In this regard, evidence from animal studies encourage the parallelism between plasticity mechanisms in the developing nervous system and those taking place in adult brain after stroke (Murphy and Corbett, 2009). On the other hand, understanding the effect of rehabilitative practices on brain plasticity has the potential to provide a neural substrate to underpin rehabilitation and hence, in developing novel rehabilitation strategies (Liepert et al., 2000).
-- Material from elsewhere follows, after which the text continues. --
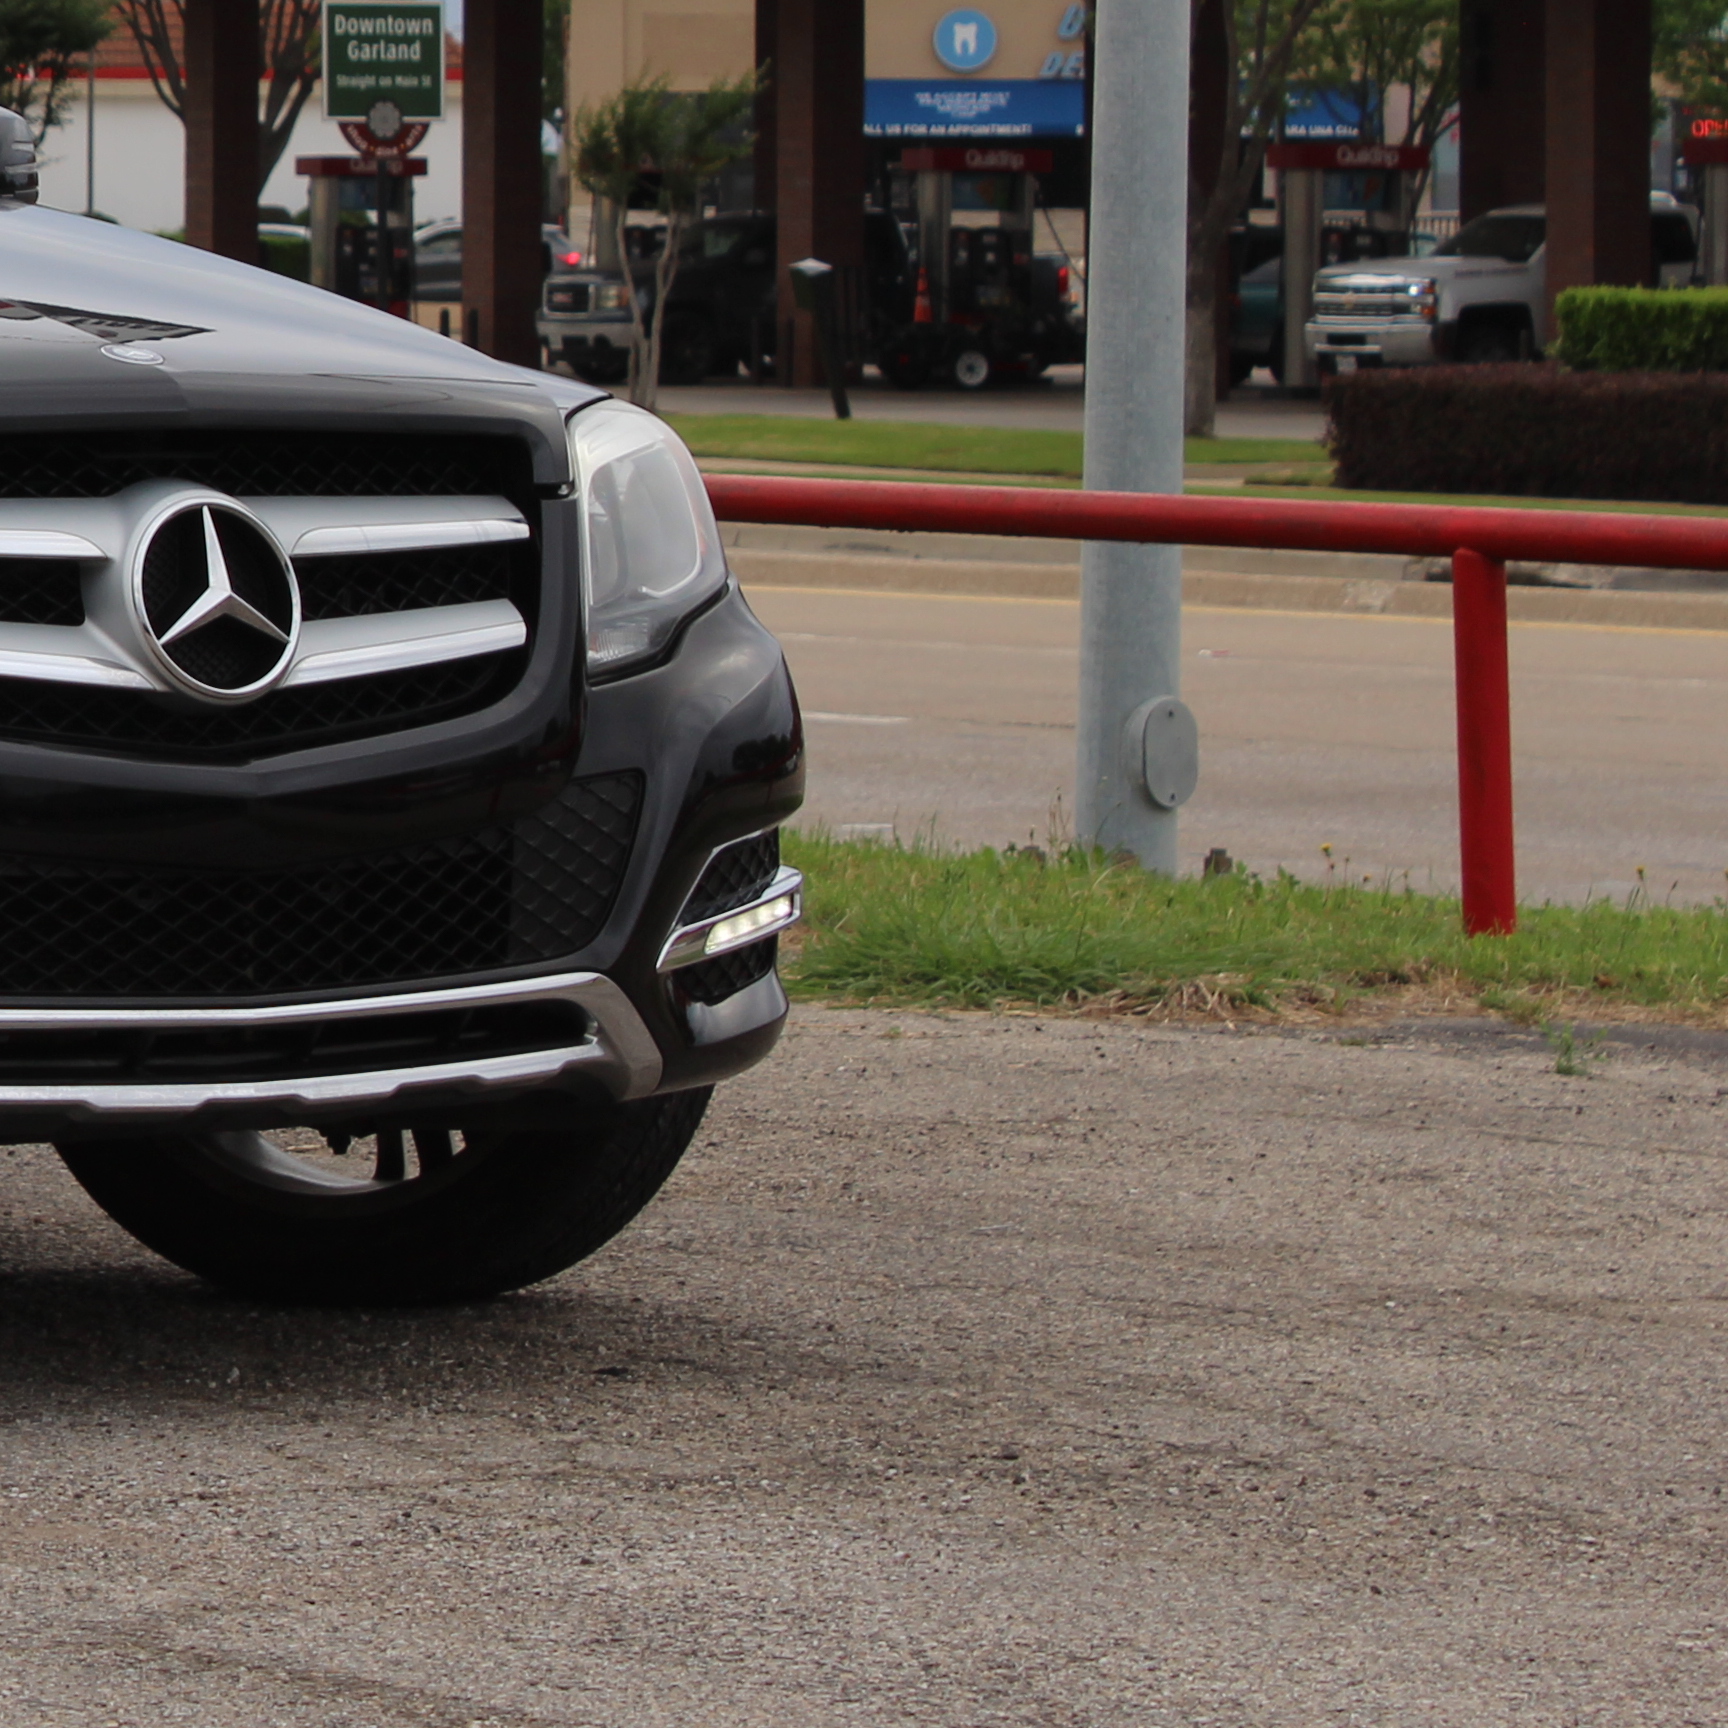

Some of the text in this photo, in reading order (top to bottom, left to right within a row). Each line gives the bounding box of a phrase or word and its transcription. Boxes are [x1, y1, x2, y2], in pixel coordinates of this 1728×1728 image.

Rehabilitative interventions aimed at functional motor recovery in stroke patients are based mainly on active movement training such as constraint-induced therapy and/or passive mobilization (Liepert et al., 2000; Schaechter, 2004; Wolf et al., 2006). Recent clinical trials have provided new insights into the methods to assist motor recovery after stroke (Dobkin, 2008; Langhorne et al., 2009; Subramanian et al., 2010). A recurrent theme is that interventions emphasizing intense active repetitive task-oriented movements are of high value in this regard. To promote the effects of training and practice, biomedical engineers, neuroscientists, and clinicians have started an intense joint collaboration over the past 10 years. This technological approach holds a promise for enhancing traditional post-stroke recovery in different ways: exercise in virtual environments could provide feedback to aid skills learning (Jack et al., 2001; Holden et al., 2005; Merians et al., 2006); robotic assistive devices with sensory feedback for repetitive practice could provide therapy for a long periods of time, in a consistent and measurable manner (Takahashi et al., 2008; Volpe et al., 2009); FES of muscles might enable movements not otherwise possible during the practice of tasks such as reaching to grasp an object (Alon et al., 2007). These are only a part of the increasing technological developments which have been recently applied in sample of stroke patients and showed the feasibility in providing a clear incremental reduction of motor impairments offering, therefore the opportunity to build a better outcome for patients.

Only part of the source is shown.